* WORK ITEM
In full and without alteration, print the records below, minus any images.

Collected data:
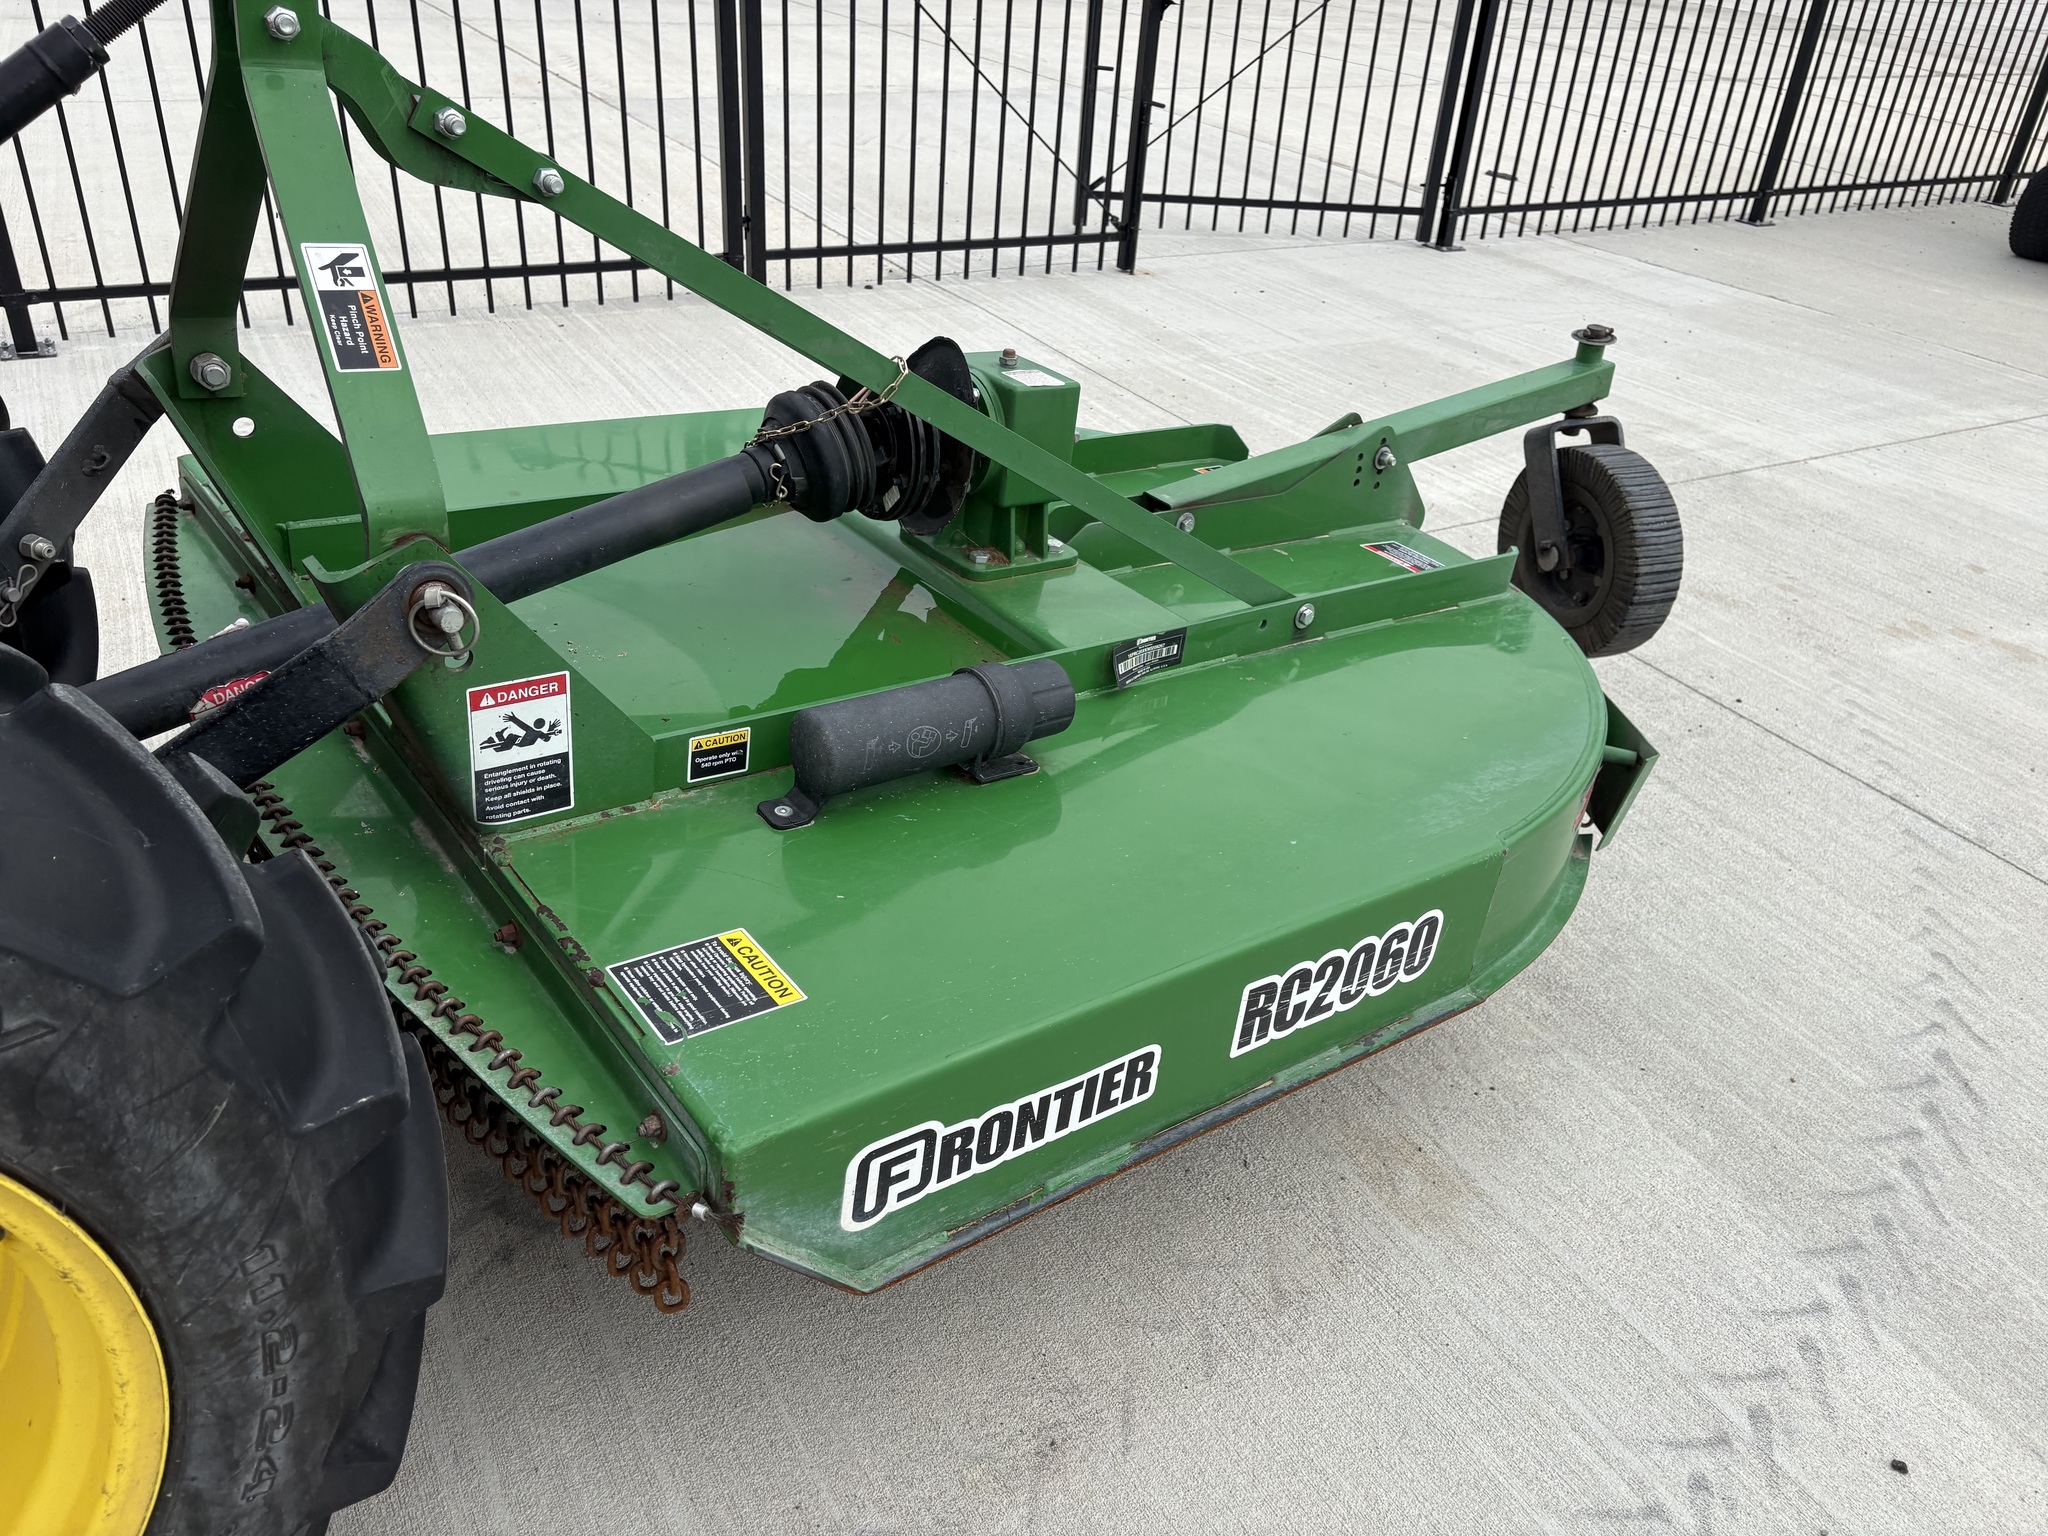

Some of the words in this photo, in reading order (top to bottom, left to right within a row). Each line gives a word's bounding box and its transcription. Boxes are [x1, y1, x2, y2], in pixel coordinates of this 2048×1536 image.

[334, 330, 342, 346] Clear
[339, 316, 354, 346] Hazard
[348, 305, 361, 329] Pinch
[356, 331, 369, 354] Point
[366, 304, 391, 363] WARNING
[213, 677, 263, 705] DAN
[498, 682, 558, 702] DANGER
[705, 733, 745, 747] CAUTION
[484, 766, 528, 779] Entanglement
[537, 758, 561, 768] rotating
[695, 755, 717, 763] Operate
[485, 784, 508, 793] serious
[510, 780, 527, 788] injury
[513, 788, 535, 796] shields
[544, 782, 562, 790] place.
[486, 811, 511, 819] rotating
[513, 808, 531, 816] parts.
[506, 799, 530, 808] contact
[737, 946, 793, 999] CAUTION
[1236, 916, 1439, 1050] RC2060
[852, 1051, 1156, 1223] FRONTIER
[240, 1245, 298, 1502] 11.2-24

* EXERCISE RESPONSE
Some of the words in this photo, in reading order (top to bottom, left to right within a row). Each line gives a word's bounding box and its transcription. Boxes are [x1, y1, x2, y2], in pixel coordinates of this 2048×1536 image.

[334, 330, 342, 346] Clear
[339, 316, 354, 346] Hazard
[348, 305, 361, 329] Pinch
[356, 331, 369, 354] Point
[366, 304, 391, 363] WARNING
[213, 677, 263, 705] DAN
[498, 682, 558, 702] DANGER
[705, 733, 745, 747] CAUTION
[484, 766, 528, 779] Entanglement
[537, 758, 561, 768] rotating
[695, 755, 717, 763] Operate
[485, 784, 508, 793] serious
[510, 780, 527, 788] injury
[513, 788, 535, 796] shields
[544, 782, 562, 790] place.
[486, 811, 511, 819] rotating
[513, 808, 531, 816] parts.
[506, 799, 530, 808] contact
[737, 946, 793, 999] CAUTION
[1236, 916, 1439, 1050] RC2060
[852, 1051, 1156, 1223] FRONTIER
[240, 1245, 298, 1502] 11.2-24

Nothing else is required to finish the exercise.